Sometime after 1am the power came back on. By that time I’d bought life jackets and a boat and waded through knee-high water in newly purchased fly fishing boots with gas for a generator and pizza for the tots. I was lucky. Not once did a city official contact residents on my flooded street. Other residents reported getting a knock on the door at 1:30am.
The next morning, the mayor apologized for the notification failures, though his communications director, David Vossbrink noted, “We posted to Nextdoor.com, to social media.” The shambolic tangle of mixed messages and misinformation, as well as the city’s reliance on multiple electronic systems during emergencies, illustrates a core problem. Nextdoor, for example, has only has 25 percent penetration in well-educated Naglee and no doubt much less in the poor neighborhoods that bore the brunt of the flooding.
Nonprofit executive Rick Holden looked at the floating cushions and chairs and toppled lacquered tansu cabinet in his once Sunset magazine picture-perfect Japanese garden. More than a foot of brown water still remained in his downstairs rooms, and he wondered what happened to his foot-and-a-half long prize koi.
It took six dumptrucks and a pumping crew to clean up the mess, and he found two of the carp flopping around. They later died. Holden realized these were First World problems, having spent the night with his wife at the Fairmont hotel.

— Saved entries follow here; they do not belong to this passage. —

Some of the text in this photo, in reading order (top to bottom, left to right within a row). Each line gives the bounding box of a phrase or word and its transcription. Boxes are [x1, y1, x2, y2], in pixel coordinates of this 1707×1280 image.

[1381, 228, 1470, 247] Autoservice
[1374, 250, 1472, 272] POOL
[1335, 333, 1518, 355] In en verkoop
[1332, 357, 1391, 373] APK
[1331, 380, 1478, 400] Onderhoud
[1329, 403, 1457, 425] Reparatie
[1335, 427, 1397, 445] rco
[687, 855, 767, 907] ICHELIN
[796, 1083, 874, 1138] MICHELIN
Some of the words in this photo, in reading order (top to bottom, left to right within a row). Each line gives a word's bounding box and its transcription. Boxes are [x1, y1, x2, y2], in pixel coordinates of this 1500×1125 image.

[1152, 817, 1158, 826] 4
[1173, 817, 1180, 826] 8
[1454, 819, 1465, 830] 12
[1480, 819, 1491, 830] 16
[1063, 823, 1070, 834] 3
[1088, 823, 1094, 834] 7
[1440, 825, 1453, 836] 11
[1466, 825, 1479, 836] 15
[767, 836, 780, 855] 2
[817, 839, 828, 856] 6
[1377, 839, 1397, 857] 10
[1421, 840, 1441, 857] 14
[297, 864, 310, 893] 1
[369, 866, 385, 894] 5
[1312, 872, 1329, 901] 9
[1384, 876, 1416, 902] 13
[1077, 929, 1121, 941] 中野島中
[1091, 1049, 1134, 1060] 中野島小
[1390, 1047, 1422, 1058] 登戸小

He considered himself lucky and said he was most concerned about the neighbors on the other side of the creek, who had lost all of their possessions and spent their night on cots at the evacuation center.
More than seven years ago, in 2009, the Santa Clara Valley Water District published slick brochures and held neighborhood meetings to evangelize a plan to reduce the risk of Coyote Creek flooding in downtown and East Side neighborhoods. The initiative, which would have completed improvements in 2016, mysteriously vanished and follow-up meetings were never held.

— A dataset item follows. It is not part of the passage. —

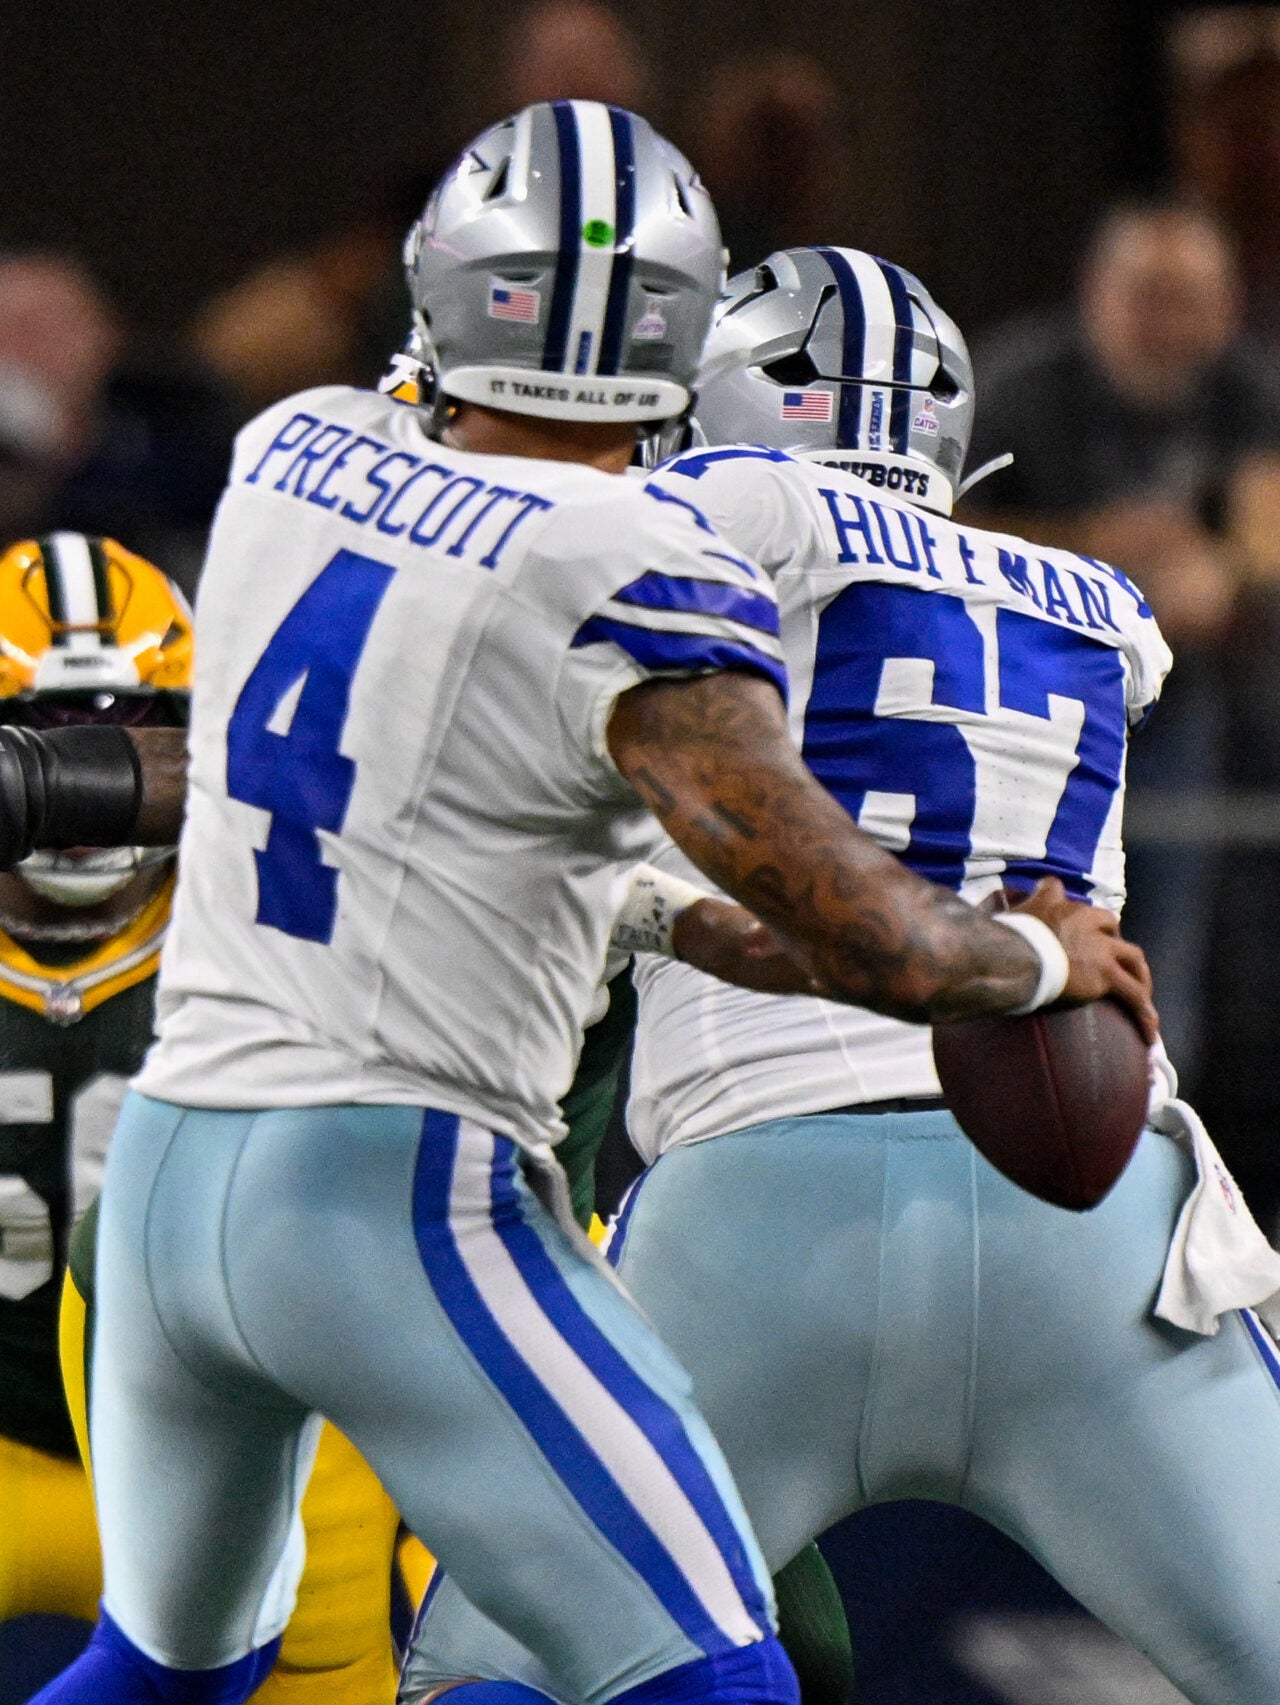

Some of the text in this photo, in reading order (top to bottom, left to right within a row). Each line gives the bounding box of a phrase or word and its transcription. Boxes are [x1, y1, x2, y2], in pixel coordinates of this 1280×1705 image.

Water district spokesperson Rachael Gibson said on Wednesday that Anderson Dam, which overflowed and dumped its excess water into the Coyote Creek, performed as designed. “It’s the rain,” she said. “I want to be very clear about that.”
The reliance on big capital expenditures and flawed digital systems are no substitute for common sense and basic tools: having sandbags in the right places, distributing flyers with neighborhood-specific information, keeping dinghies, generators and analog walkie-talkies on hand and going door-to-door.
The one positive outcome of the Flood of 2017 was the outpouring of goodness and generosity that it generated. Neighbors posted offers of rooms to strangers in online forums. More than half a million dollars in funds were contributed to relief coffers. The mayor and two councilmembers led hundreds of volunteers in neighborhood cleanups.
The truth is that San Jose dodged a much bigger disaster and things could have been much, much worse. There’s really no excuse for that in a region as enlightened and wealthy as Silicon Valley. Clearly there’s a better way for government agencies to behave than mis-spending money, running around with their heads cut off and repeatedly flooding the city’s poorest neighborhoods.